Extension:AbuseFilter/Priorities and Design

From Linux Web Expert

Extension:AbuseFilter.

Identified Priority Projects (highest impact with minimal dev cost)

  1. Global Rules
  2. Global Throttle / Variables


Other higher priority issues

  • Variable / List Maintenance - Bugs 38279, 32928 (maybe), and the general idea to merge SpamBlacklist into AF
  • Blocking Options (custom time, custom reason) - Bugs 22523, 29739, 30024
  • Global Blocking - Bug 18660

Design Decisions

Global Rules

Requirement Design
Large wikis with active abuse filter managers will not be affected by these filters.
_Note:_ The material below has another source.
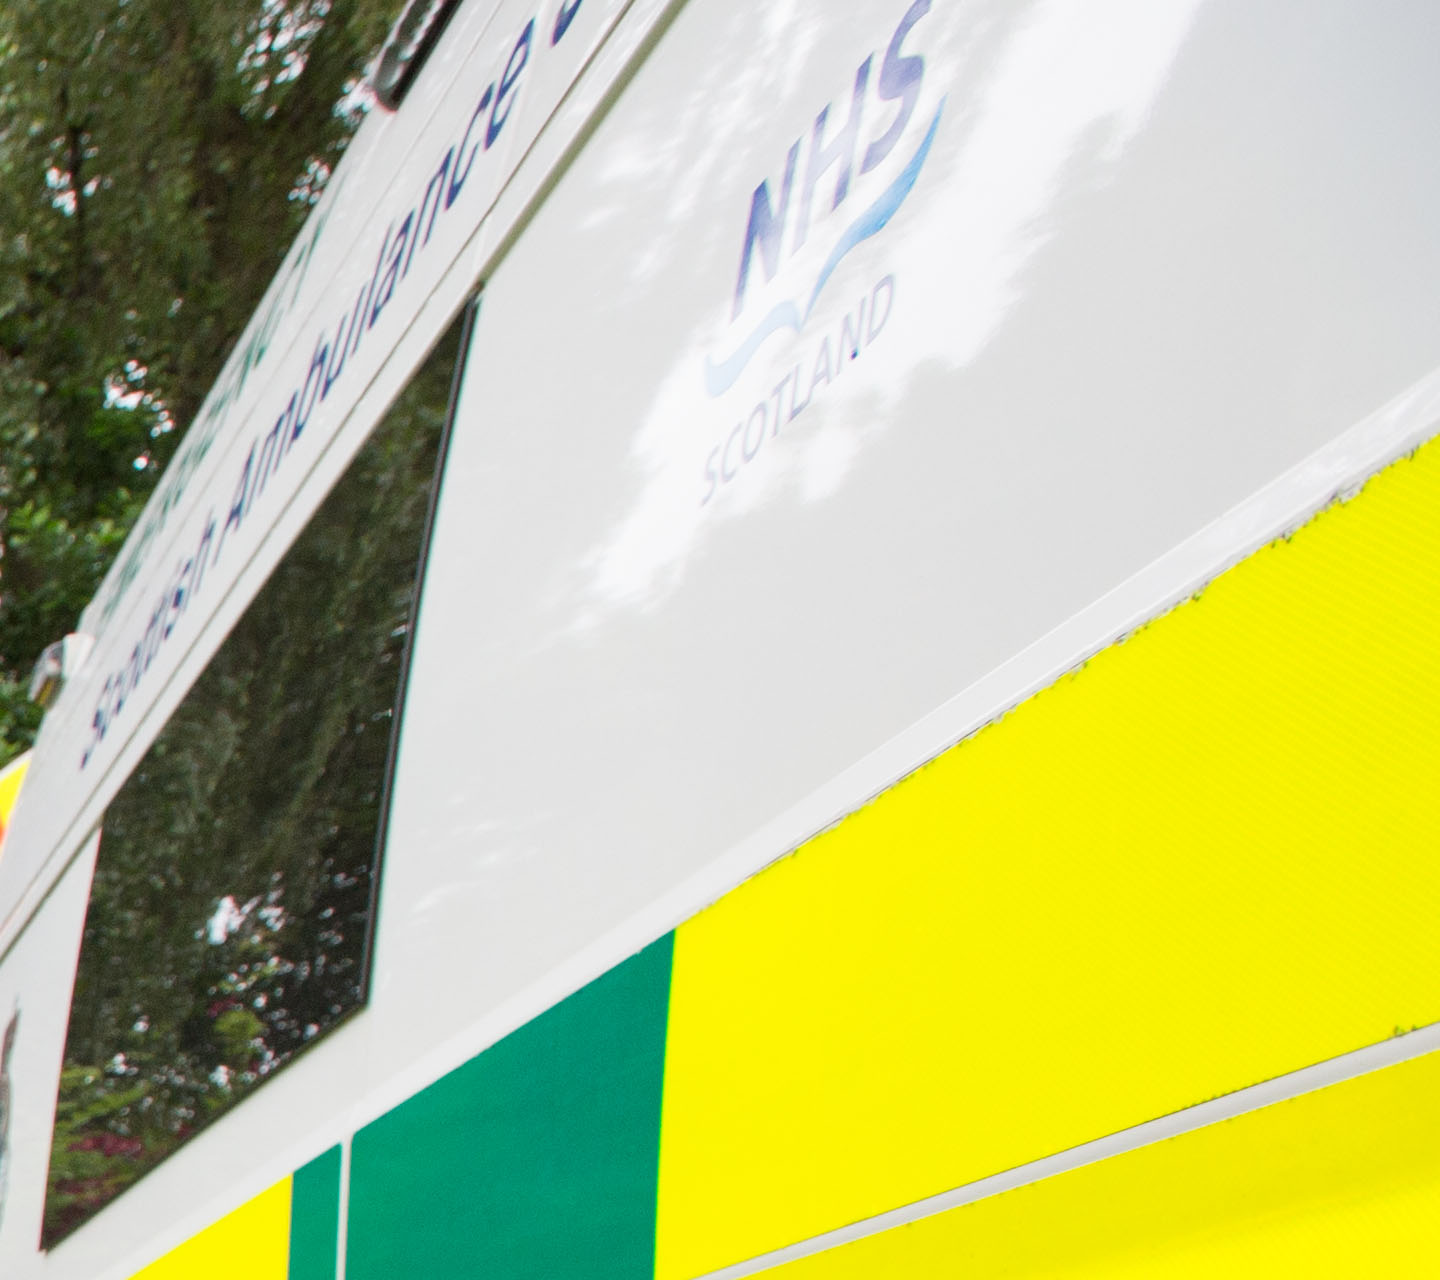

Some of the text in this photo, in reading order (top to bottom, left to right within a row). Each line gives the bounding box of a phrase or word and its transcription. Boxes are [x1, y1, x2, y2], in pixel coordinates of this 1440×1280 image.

[212, 16, 535, 568] Ambulance
[730, 0, 932, 325] NHS
[700, 273, 895, 508] SCOTLAND
These are projects such as enwiki, dewiki, itwiki, ptwiki, eswiki, nlwiki ,etc who have active people maintaining the local abuse filters, and would not really benefit from global filters. Each wiki can opt in to using the rules by setting the global variables, pointing to the shared global tables.
Global sysops would be granted access to the modifying the filters. Since these filters will not affect every Wikimedia wiki, this can be seen within the global sysop scope, as well as the practical application of it in regards to the current role of global sysops in global anti-spam and counter-vandalism. Rules are modified on meta, so only admins with permissions on meta can edit or view private rules, which are applied globally.
The global filters would not include the options to locally block and remove local rights. These options are not practical with local filters, and even less so with global ones which could cause more false positives. A new global will be used to control this behavior. If the global is set, the Revoke / Block / Remove actions will be disabled for global rules.
Emphasis will be placed on removing filters after one day, or short time of no positive actions. This policy will exclude filters which just tag edits. It's assumed this will be done by policy. We will not automatically disable filters.

Global Rules

  • Most of the development is already done, but untested in production. Some bugs may be opened as issues are identified.
  • Rules will be kept on metawiki. Database access to meta is required, multi-site db setup a requirement for use.
    • Every action triggering AF processing will need to read the global rules from meta's database
  • Log of hits/actions currently live in the central database (i.e., meta), and accessible based on admin permissions in meta

Global Throttle

  • Throttling is currently done with memcache keys, stored by each wiki
  • Global Throttling must use memcache, probably using a shared memcache key
  • Initially, the existing throttle variables should be sufficient if they're globally applied

Open Questions

  • Do we need to keep global rules in memcache for local wiki access?
    • Andrew recommended yes. To store them with a key tied to the central server, flushed when a global rules is updated.
  • Do we need to list global rules locally in rules view?
    • Andrew recommended yes
  • Do we need to filter log view by originating wiki on meta?
    • Andrew recommended yes
  • Do we need links to the central log from local instances? Or show global hits in the local log?
  • Does Automatic Disabling need to happen when local wikis trigger global rules over the threshold?